• [The records]:
⁂

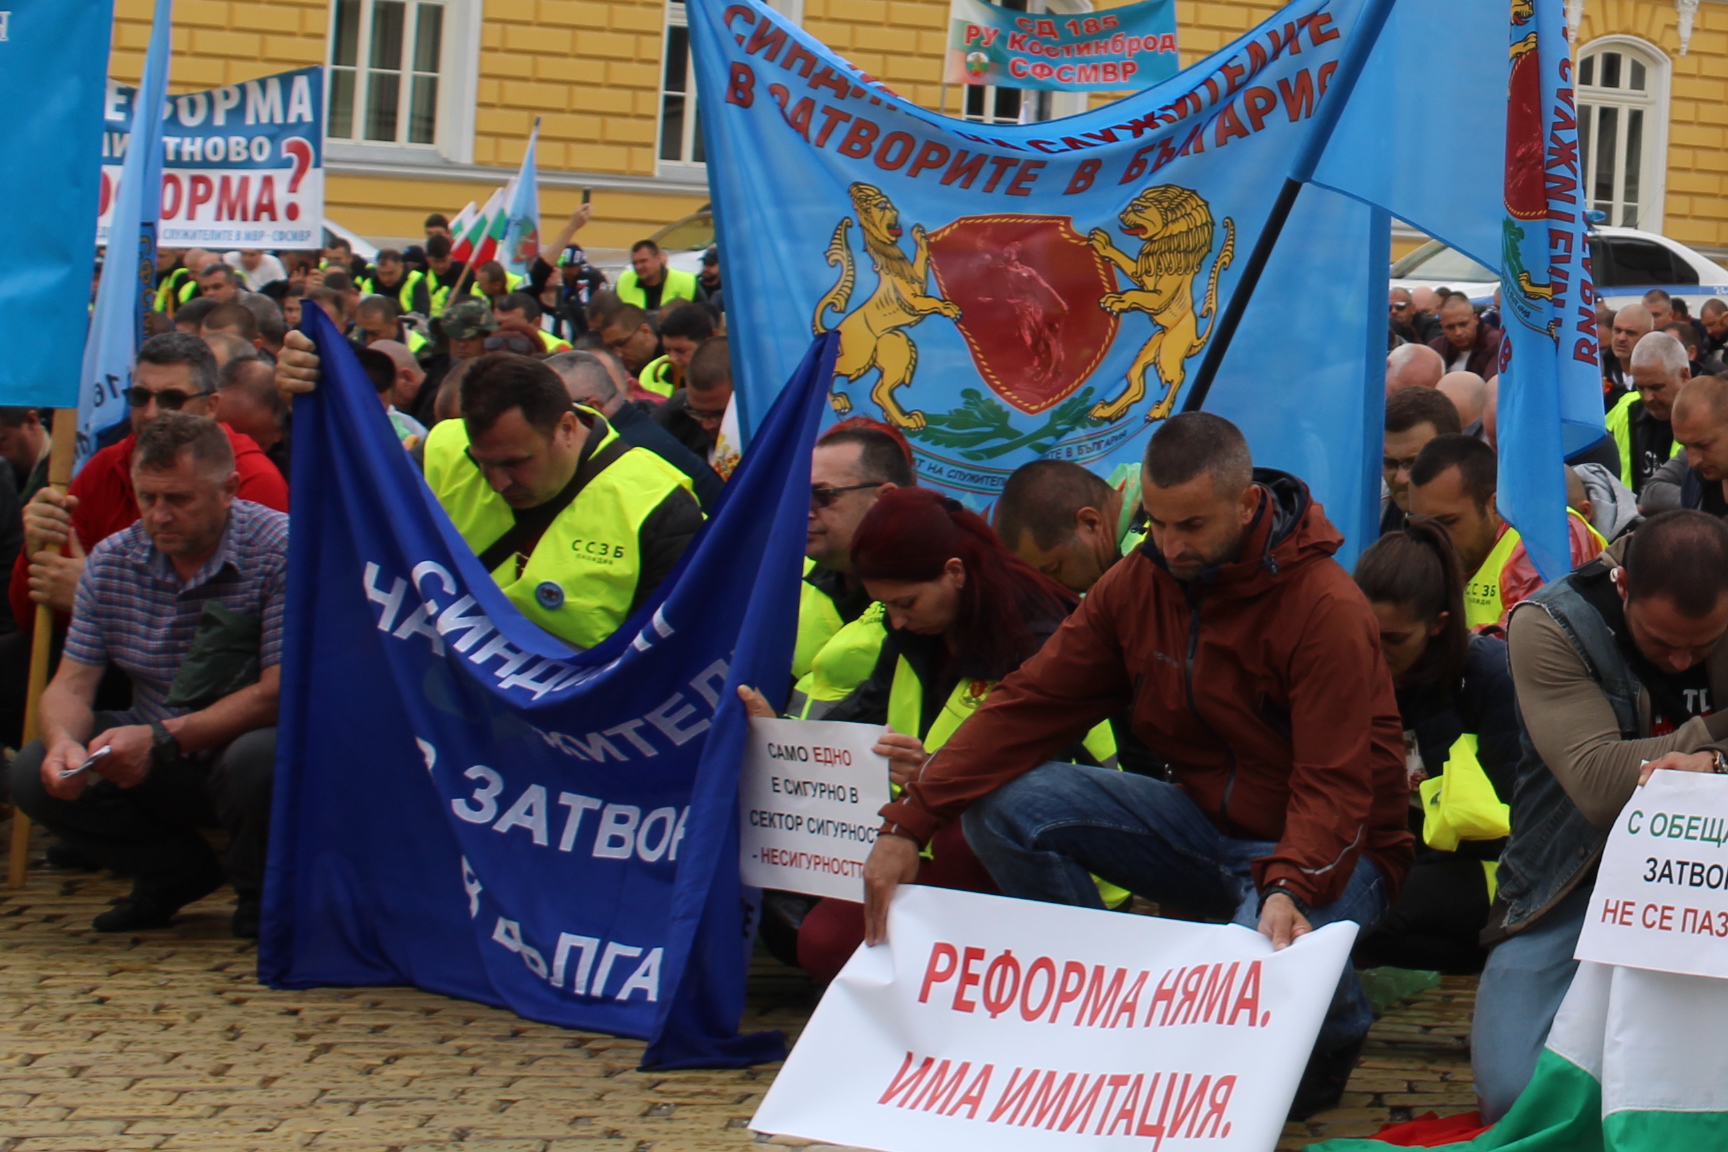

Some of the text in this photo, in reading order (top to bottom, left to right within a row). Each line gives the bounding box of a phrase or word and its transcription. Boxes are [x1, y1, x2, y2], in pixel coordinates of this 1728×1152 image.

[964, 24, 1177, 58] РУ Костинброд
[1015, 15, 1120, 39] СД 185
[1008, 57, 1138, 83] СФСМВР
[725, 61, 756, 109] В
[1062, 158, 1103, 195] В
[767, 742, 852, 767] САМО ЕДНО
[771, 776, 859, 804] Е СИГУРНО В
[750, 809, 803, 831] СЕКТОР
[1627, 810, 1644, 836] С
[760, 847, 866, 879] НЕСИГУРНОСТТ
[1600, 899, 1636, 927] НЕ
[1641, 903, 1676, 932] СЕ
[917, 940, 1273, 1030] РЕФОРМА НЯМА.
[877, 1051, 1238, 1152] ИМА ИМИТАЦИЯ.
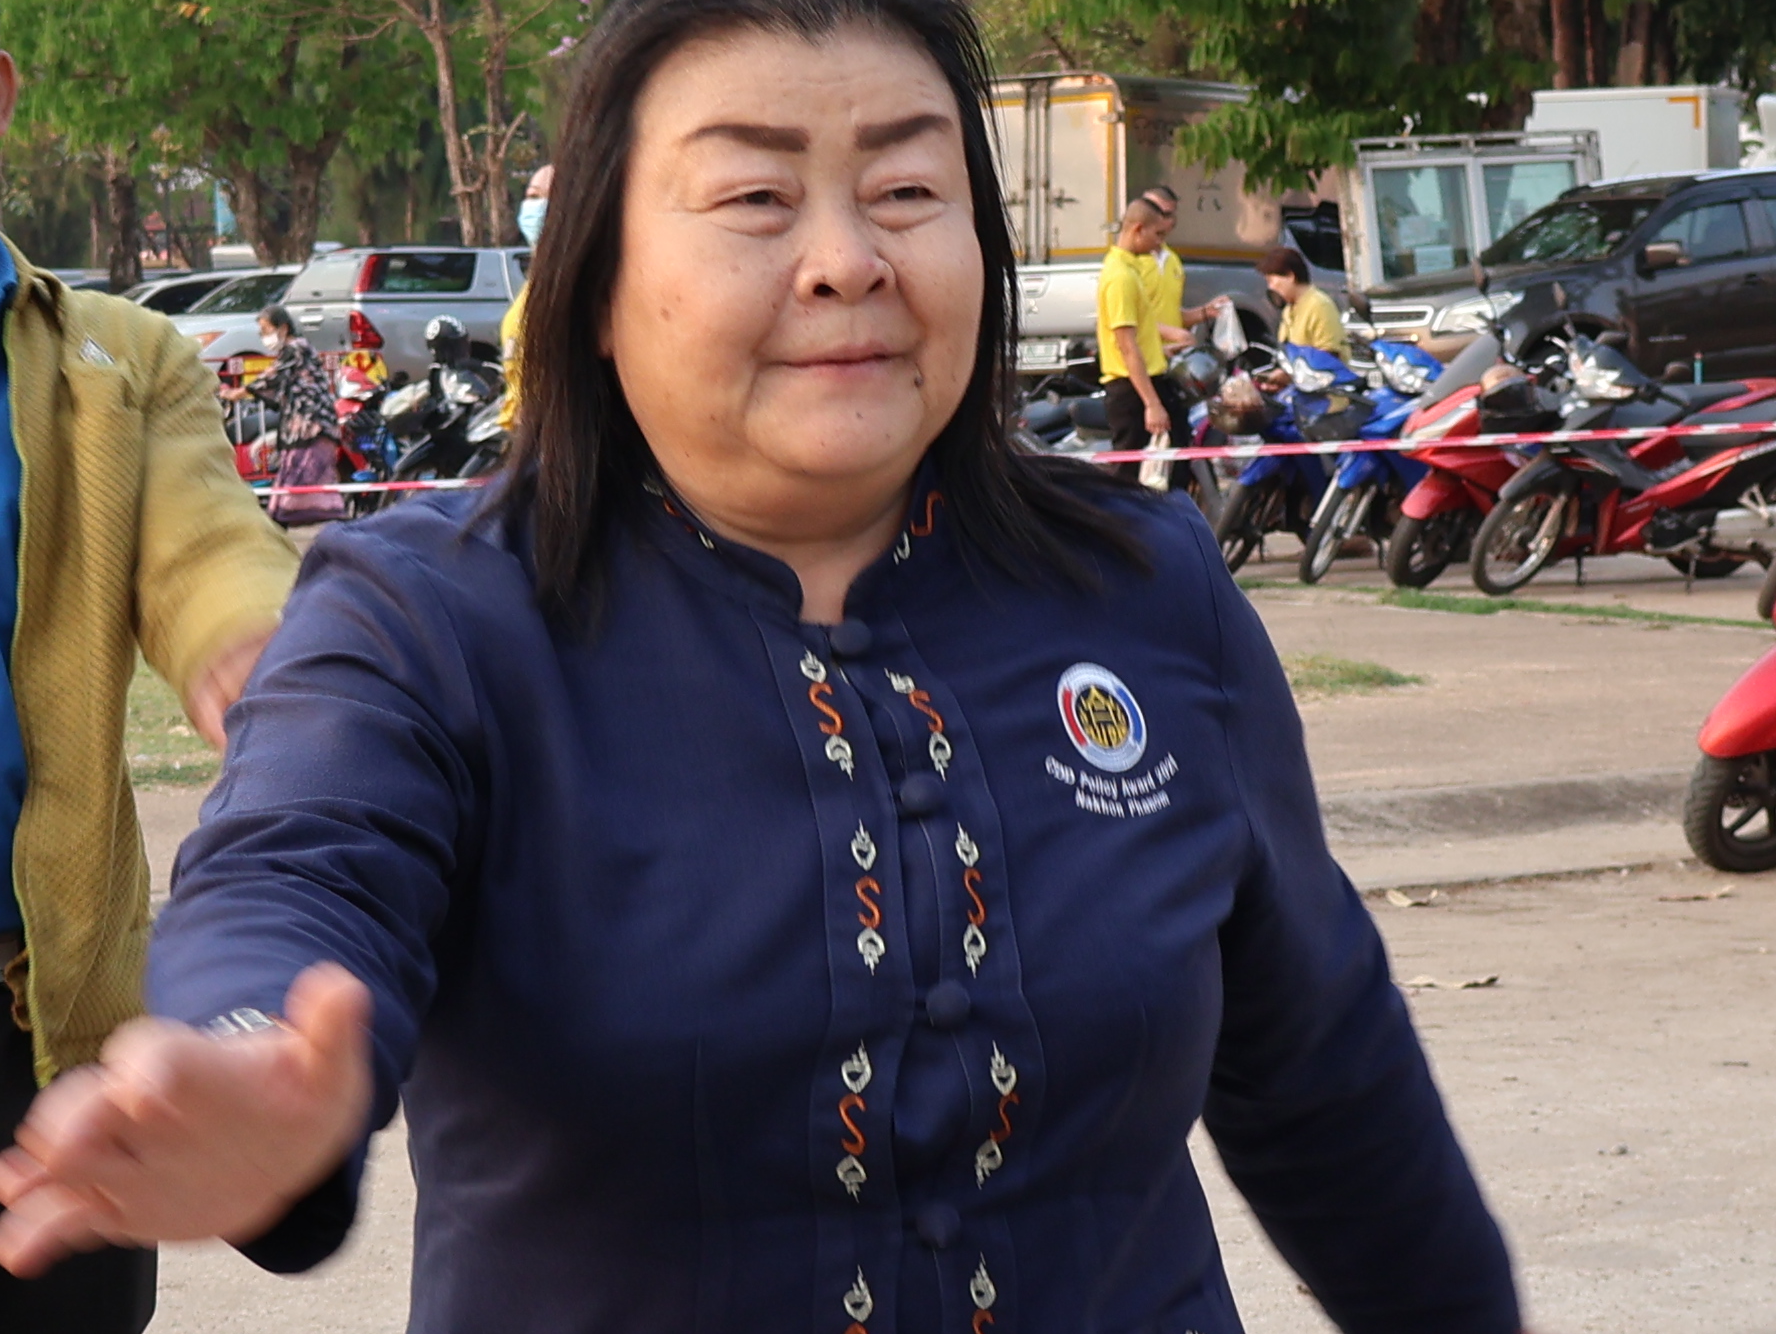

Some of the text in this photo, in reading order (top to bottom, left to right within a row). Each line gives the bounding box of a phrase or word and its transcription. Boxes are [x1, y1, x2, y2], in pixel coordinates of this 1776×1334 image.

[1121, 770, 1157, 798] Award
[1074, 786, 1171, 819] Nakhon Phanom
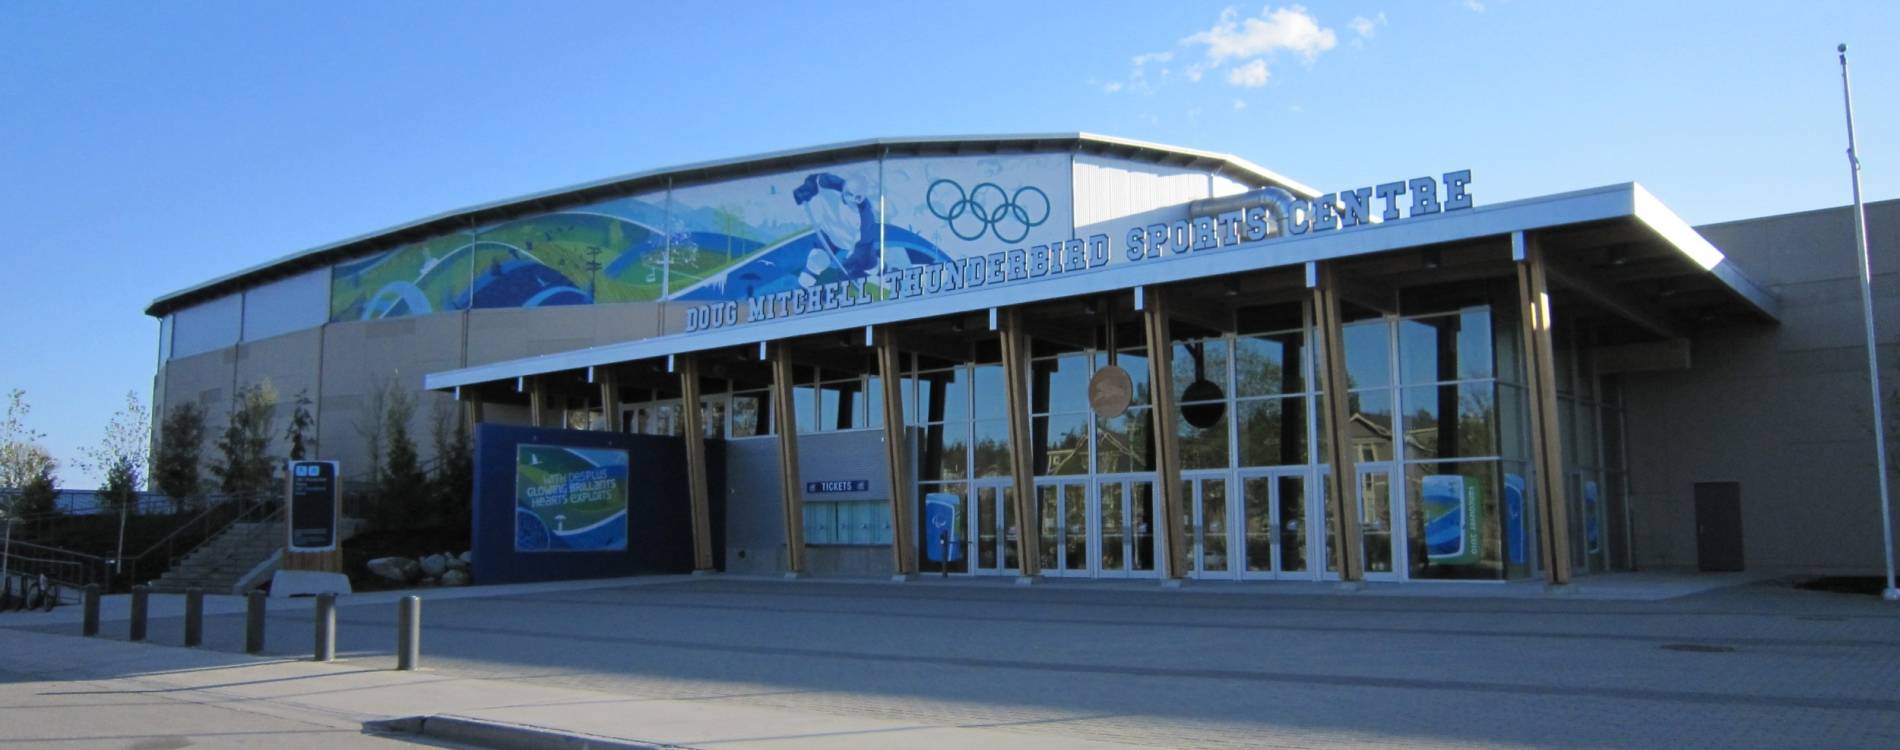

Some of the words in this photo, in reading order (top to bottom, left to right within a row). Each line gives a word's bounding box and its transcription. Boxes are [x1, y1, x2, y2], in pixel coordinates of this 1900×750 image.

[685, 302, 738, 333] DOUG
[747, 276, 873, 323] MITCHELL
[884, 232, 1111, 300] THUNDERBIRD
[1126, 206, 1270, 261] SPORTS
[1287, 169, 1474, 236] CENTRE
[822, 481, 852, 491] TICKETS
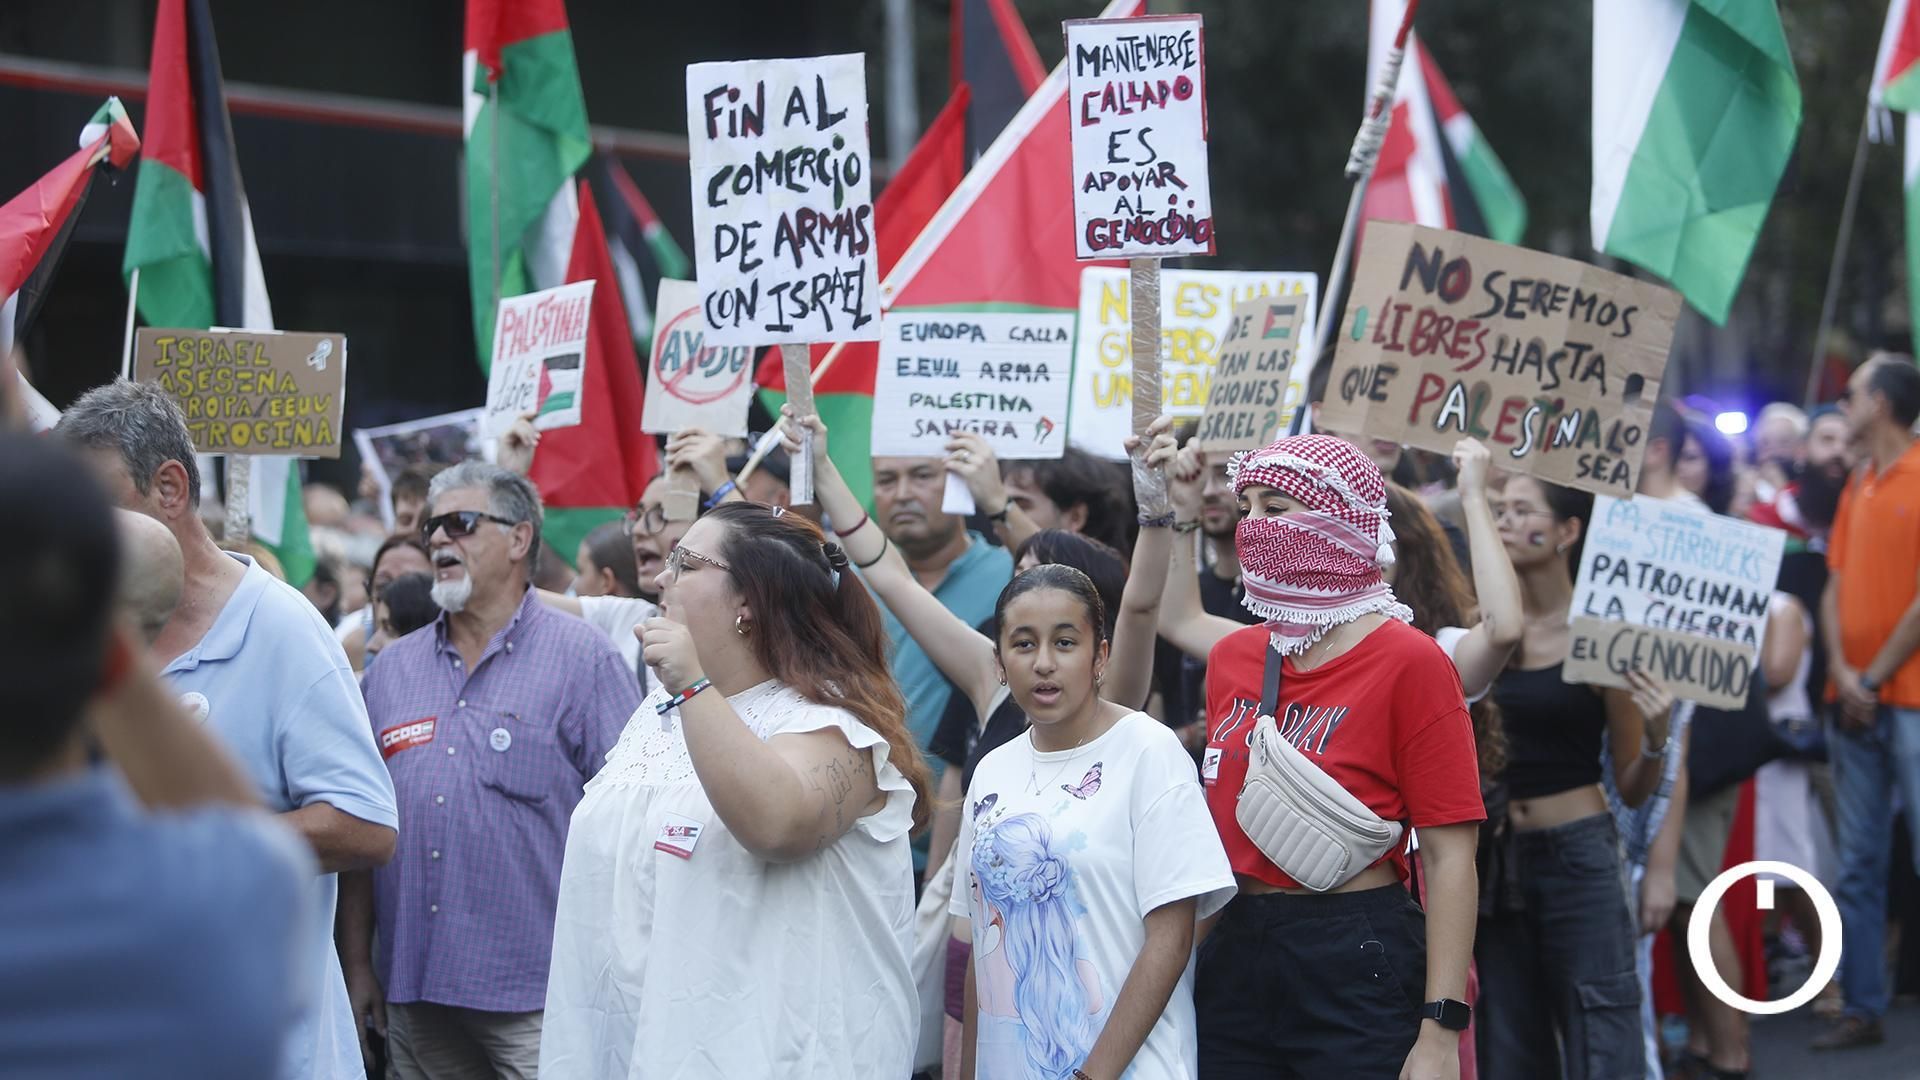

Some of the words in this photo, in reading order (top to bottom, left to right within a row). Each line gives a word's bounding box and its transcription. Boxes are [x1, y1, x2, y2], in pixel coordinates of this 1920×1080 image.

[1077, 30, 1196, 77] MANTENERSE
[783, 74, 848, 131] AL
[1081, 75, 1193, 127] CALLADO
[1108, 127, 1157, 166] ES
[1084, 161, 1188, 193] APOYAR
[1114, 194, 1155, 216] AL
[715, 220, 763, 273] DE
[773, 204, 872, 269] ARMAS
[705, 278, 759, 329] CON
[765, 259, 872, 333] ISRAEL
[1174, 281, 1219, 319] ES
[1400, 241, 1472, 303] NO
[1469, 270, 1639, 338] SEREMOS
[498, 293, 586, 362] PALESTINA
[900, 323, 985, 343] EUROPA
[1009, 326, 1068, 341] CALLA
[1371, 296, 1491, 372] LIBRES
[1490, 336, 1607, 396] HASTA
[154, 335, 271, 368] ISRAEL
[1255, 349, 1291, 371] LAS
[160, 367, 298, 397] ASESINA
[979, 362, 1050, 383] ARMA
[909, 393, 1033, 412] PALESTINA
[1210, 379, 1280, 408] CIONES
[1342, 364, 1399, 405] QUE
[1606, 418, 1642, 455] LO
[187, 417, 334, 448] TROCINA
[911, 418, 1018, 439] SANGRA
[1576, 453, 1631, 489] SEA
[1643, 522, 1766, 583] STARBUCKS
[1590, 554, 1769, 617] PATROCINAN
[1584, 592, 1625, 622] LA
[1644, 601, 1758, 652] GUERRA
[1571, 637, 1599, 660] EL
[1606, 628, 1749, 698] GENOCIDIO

⁂

• [What to do]: Print the records again exactly. Skip every picture.

• [Problem solution]:
Some of the text in this photo, in reading order (top to bottom, left to right within a row). Each line gives the bounding box of a phrase or word and its transcription. Boxes are [x1, y1, x2, y2], in pixel coordinates of this 1728×1152 image.

[964, 24, 1177, 58] РУ Костинброд
[1015, 15, 1120, 39] СД 185
[1008, 57, 1138, 83] СФСМВР
[725, 61, 756, 109] В
[1062, 158, 1103, 195] В
[767, 742, 852, 767] САМО ЕДНО
[771, 776, 859, 804] Е СИГУРНО В
[750, 809, 803, 831] СЕКТОР
[1627, 810, 1644, 836] С
[760, 847, 866, 879] НЕСИГУРНОСТТ
[1600, 899, 1636, 927] НЕ
[1641, 903, 1676, 932] СЕ
[917, 940, 1273, 1030] РЕФОРМА НЯМА.
[877, 1051, 1238, 1152] ИМА ИМИТАЦИЯ.

Some of the text in this photo, in reading order (top to bottom, left to right within a row). Each line gives the bounding box of a phrase or word and its transcription. Boxes are [x1, y1, x2, y2], in pixel coordinates of this 1776×1334 image.

[1121, 770, 1157, 798] Award
[1074, 786, 1171, 819] Nakhon Phanom

Some of the words in this photo, in reading order (top to bottom, left to right within a row). Each line gives a word's bounding box and its transcription. Boxes are [x1, y1, x2, y2], in pixel coordinates of this 1900×750 image.

[685, 302, 738, 333] DOUG
[747, 276, 873, 323] MITCHELL
[884, 232, 1111, 300] THUNDERBIRD
[1126, 206, 1270, 261] SPORTS
[1287, 169, 1474, 236] CENTRE
[822, 481, 852, 491] TICKETS

Some of the words in this photo, in reading order (top to bottom, left to right within a row). Each line gives a word's bounding box and its transcription. Boxes are [x1, y1, x2, y2], in pixel coordinates of this 1920×1080 image.

[1077, 30, 1196, 77] MANTENERSE
[783, 74, 848, 131] AL
[1081, 75, 1193, 127] CALLADO
[1108, 127, 1157, 166] ES
[1084, 161, 1188, 193] APOYAR
[1114, 194, 1155, 216] AL
[715, 220, 763, 273] DE
[773, 204, 872, 269] ARMAS
[705, 278, 759, 329] CON
[765, 259, 872, 333] ISRAEL
[1174, 281, 1219, 319] ES
[1400, 241, 1472, 303] NO
[1469, 270, 1639, 338] SEREMOS
[498, 293, 586, 362] PALESTINA
[900, 323, 985, 343] EUROPA
[1009, 326, 1068, 341] CALLA
[1371, 296, 1491, 372] LIBRES
[1490, 336, 1607, 396] HASTA
[154, 335, 271, 368] ISRAEL
[1255, 349, 1291, 371] LAS
[160, 367, 298, 397] ASESINA
[979, 362, 1050, 383] ARMA
[909, 393, 1033, 412] PALESTINA
[1210, 379, 1280, 408] CIONES
[1342, 364, 1399, 405] QUE
[1606, 418, 1642, 455] LO
[187, 417, 334, 448] TROCINA
[911, 418, 1018, 439] SANGRA
[1576, 453, 1631, 489] SEA
[1643, 522, 1766, 583] STARBUCKS
[1590, 554, 1769, 617] PATROCINAN
[1584, 592, 1625, 622] LA
[1644, 601, 1758, 652] GUERRA
[1571, 637, 1599, 660] EL
[1606, 628, 1749, 698] GENOCIDIO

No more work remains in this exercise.